We have followed this course to its tragic ‘success’, and it has made people feel emptier than ever. Leonard goes on to tell us that, “in the US we have more stuff than ever before, but polls show that our national happiness is actually declining.” I think it is well past time to adopt new indicators of wealth and wellbeing other than consumption and economic growth. To truly address systemic change at the level required we have to address the disaster of unchecked capitalism and economic models based on endless economic growth on a finite planet.
What lifestyle changes can the everyday person make now?
I think it is very helpful to approach new indicators of wealth and economics with the concept of sumak kawsay, which comes from indigenous peoples of the Andes in Ecuador. The term has been translated as buen vivir in Spanish and loosely means “living well”.
The term is multilayered and so I will relay it here as it was taught to me; that it means living in ecological and economic balance, having harmony in relationships, personal and collective growth appropriate to local conditions, good health, and living well in community including the community of nature.
It also offers a world view of a living cosmos that we are a part of. In the south, sumak kawsay or buen vivir has been the way of life for many indigenous peoples for thousands of years, but the idea has been growing in social movements to respond to conventional concepts of development plans and their destructive environmental, social, or economic effects, especially for frontline communities.
Sumak kawsay calls for a reduction in economic and product development, and an increase in human development such as encouraging education, ethics, spirituality, world views, creativity, and a deepening of our connection with Mother Earth.
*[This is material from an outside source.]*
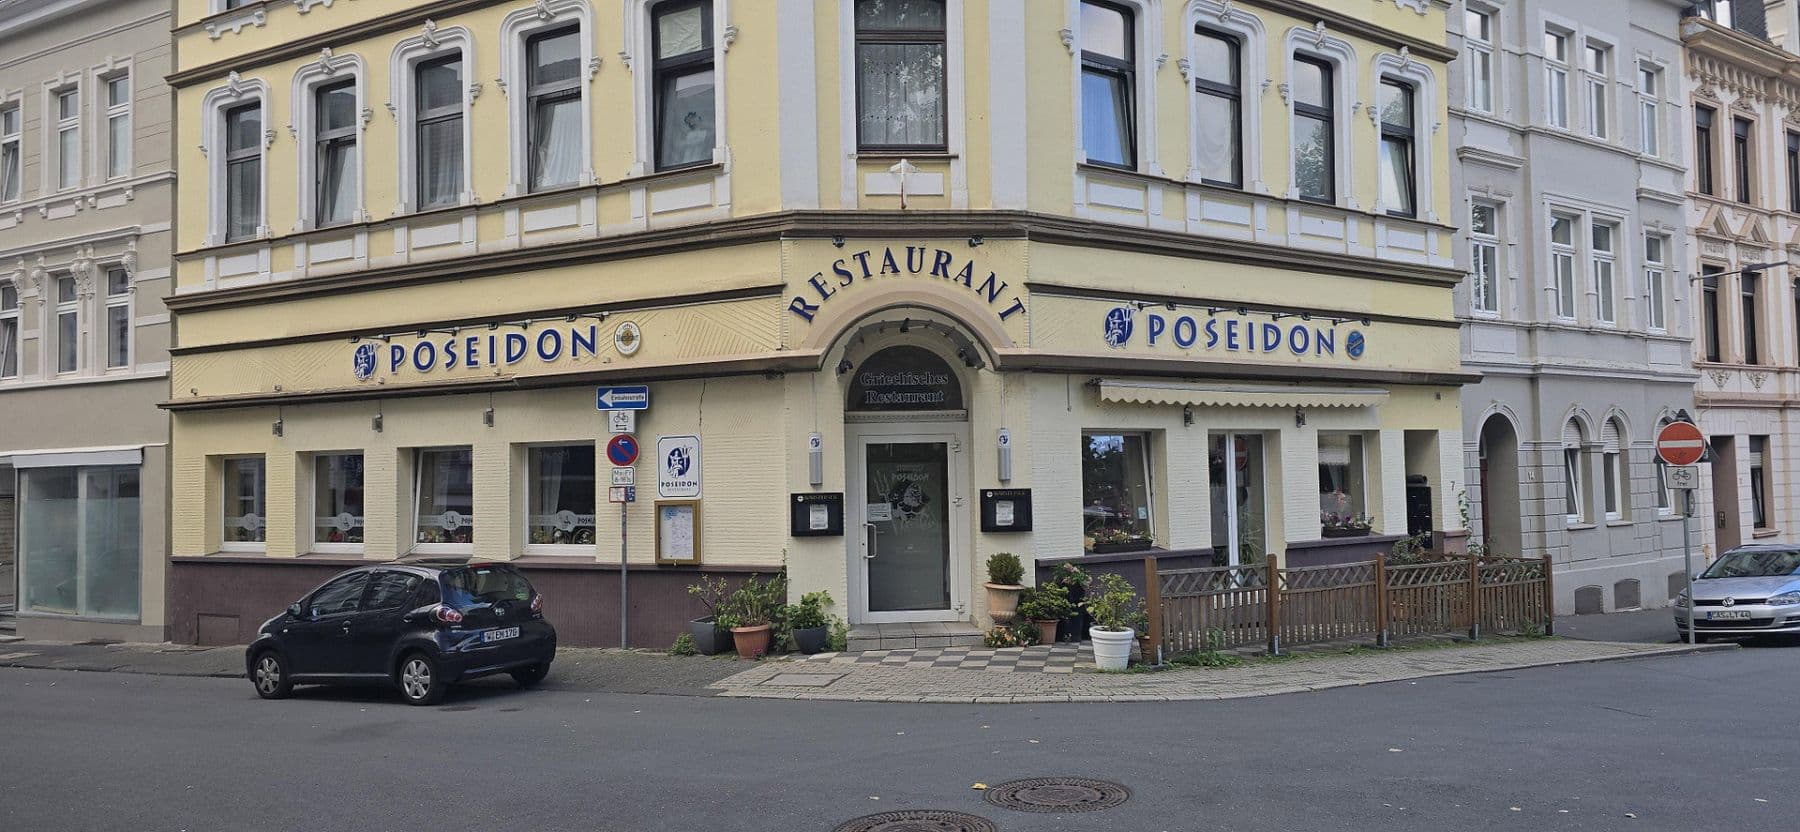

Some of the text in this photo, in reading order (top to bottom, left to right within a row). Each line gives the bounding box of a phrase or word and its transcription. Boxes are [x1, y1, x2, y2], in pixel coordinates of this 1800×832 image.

We can work toward this kind of development wherever we live.
What is the most important message you’d like to impart to women at this crucial moment in the evolution of planet Earth?
It is time to speak out for the sacred interdependence of all life on Earth and to recognise that social and economic models based on extraction and exploitation, patriarchy and racism, have ushered in an era of unprecedented social and planetary destruction, and we must act now if there is to be a future of wellbeing for our children. I think it is also important to understand that as we engage and take action for change, we are part of social and environmental movements that are much greater than ourselves, greater than our communities and our countries. We are part of our planet’s immune system that is rising up against injustices that are destroying our Earth and all life, as we know it. This is the time of rising up and everyone needs to participate.